- **Goal of the exercise**
Leave out the pictures and copy the remaining records exactly.

___

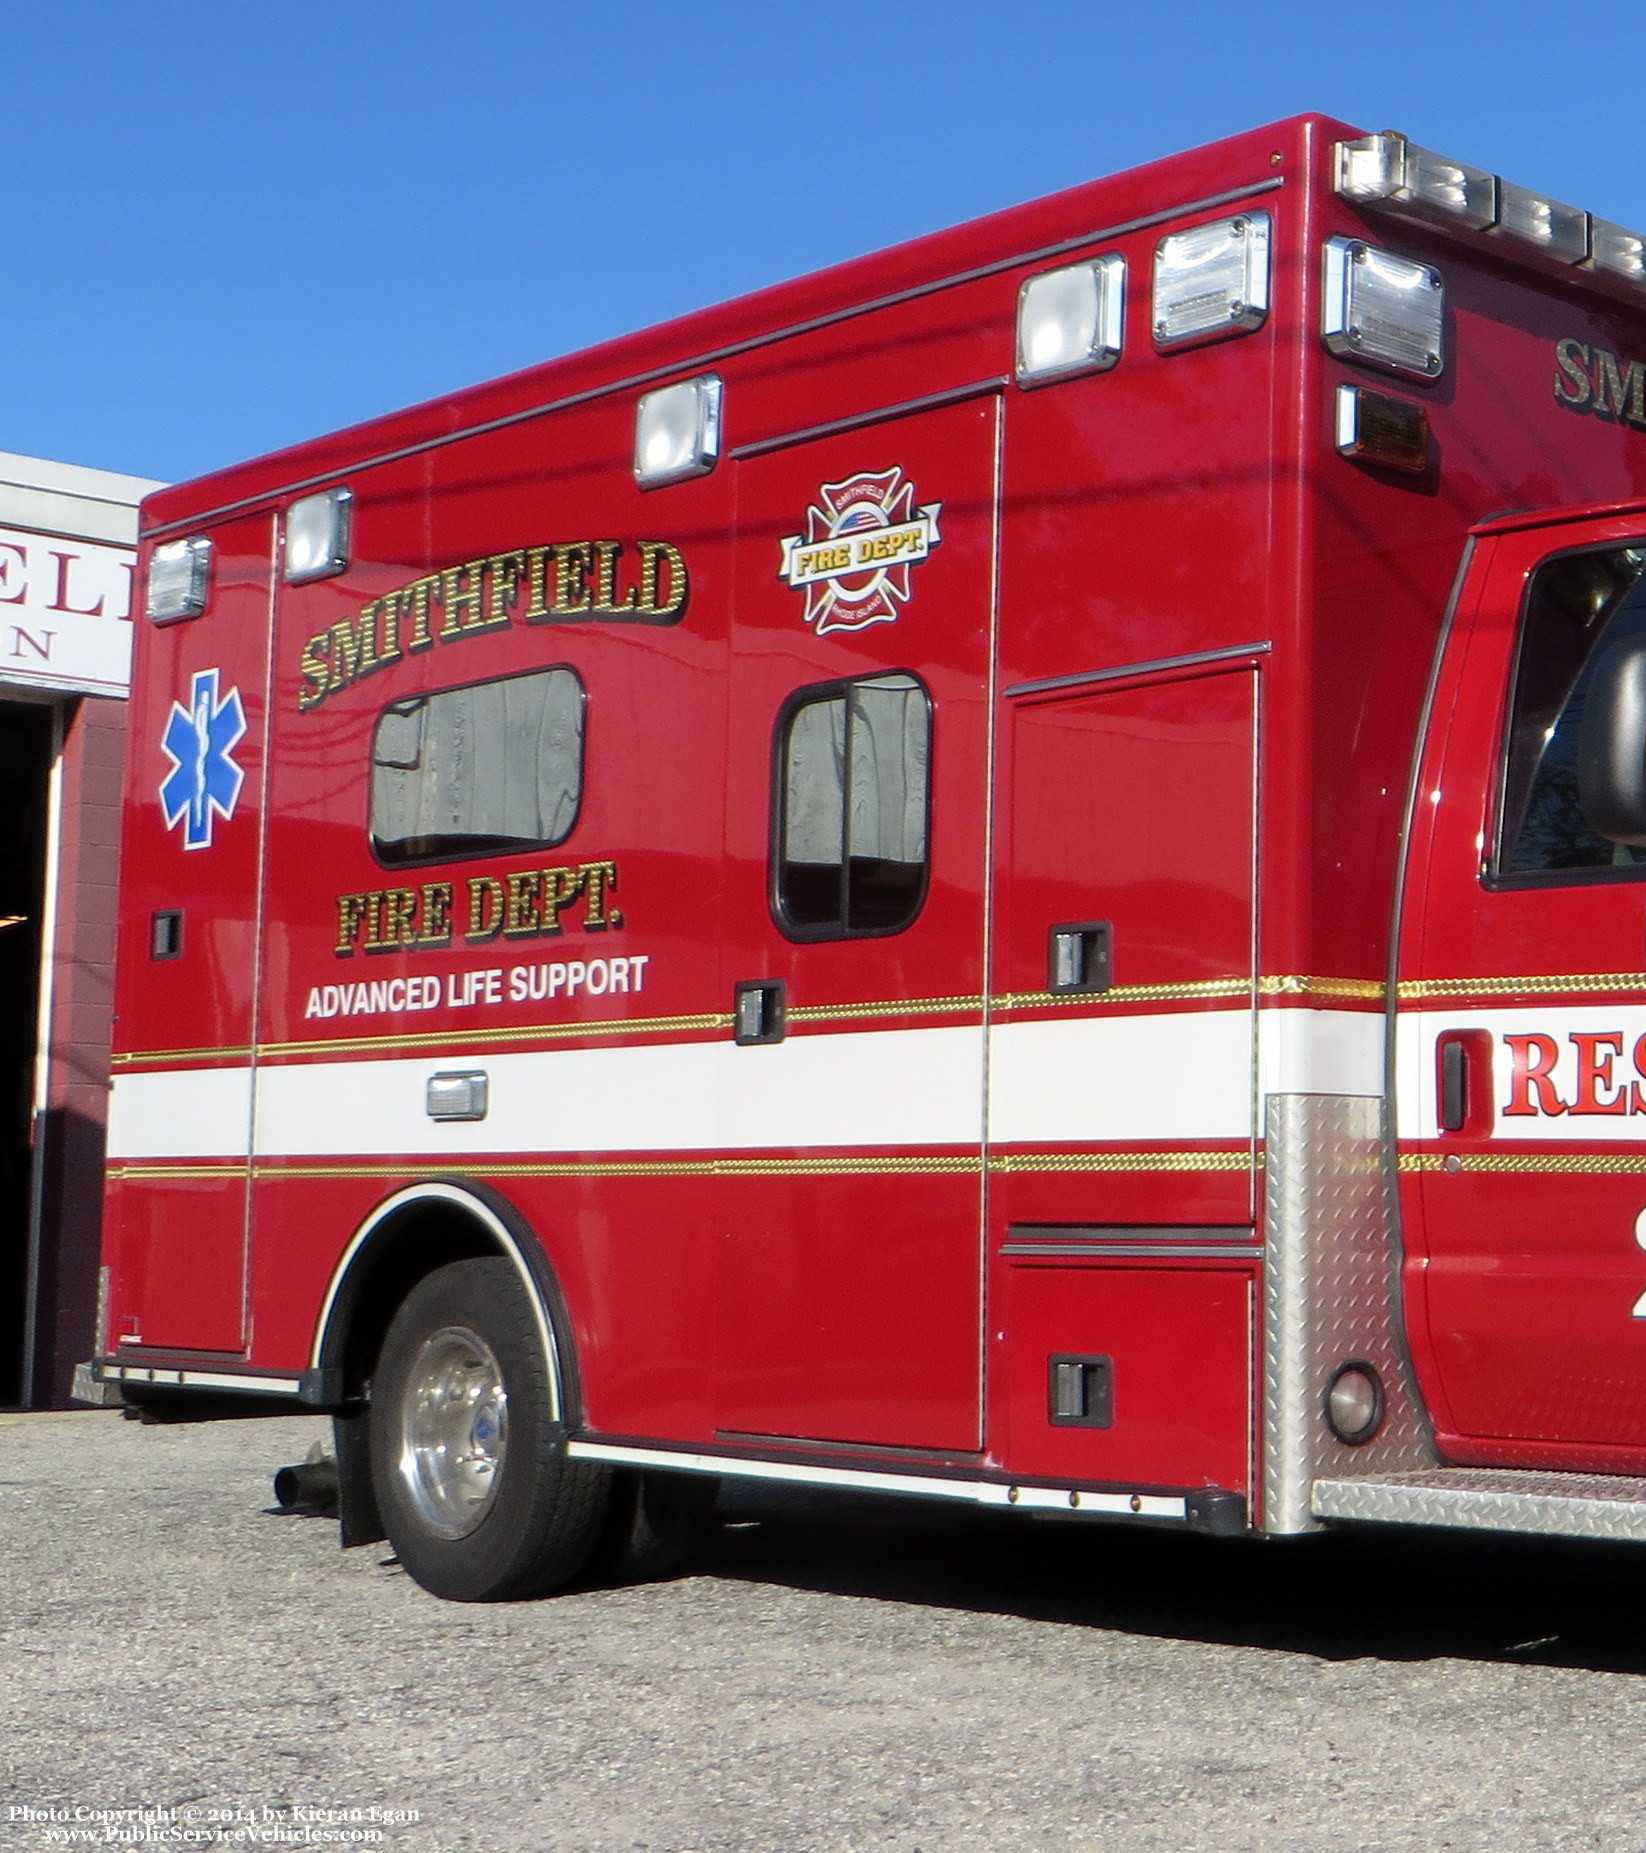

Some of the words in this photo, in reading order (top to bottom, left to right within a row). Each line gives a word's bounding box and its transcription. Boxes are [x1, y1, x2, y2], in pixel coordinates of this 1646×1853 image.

[835, 484, 884, 510] SMITHFIELD
[797, 543, 850, 577] FIRE
[857, 528, 924, 565] DEPT.
[299, 539, 689, 714] SMITHFIELD
[333, 882, 453, 958] FIRE
[463, 861, 625, 941] DEPT.
[305, 974, 440, 1019] ADVANCED
[447, 967, 502, 1009] LIFE
[509, 955, 649, 1003] SUPPORT

___

- **Answer for this exercise**
Some of the words in this photo, in reading order (top to bottom, left to right within a row). Each line gives a word's bounding box and its transcription. Boxes are [x1, y1, x2, y2], in pixel coordinates of this 1646×1853 image.

[835, 484, 884, 510] SMITHFIELD
[797, 543, 850, 577] FIRE
[857, 528, 924, 565] DEPT.
[299, 539, 689, 714] SMITHFIELD
[333, 882, 453, 958] FIRE
[463, 861, 625, 941] DEPT.
[305, 974, 440, 1019] ADVANCED
[447, 967, 502, 1009] LIFE
[509, 955, 649, 1003] SUPPORT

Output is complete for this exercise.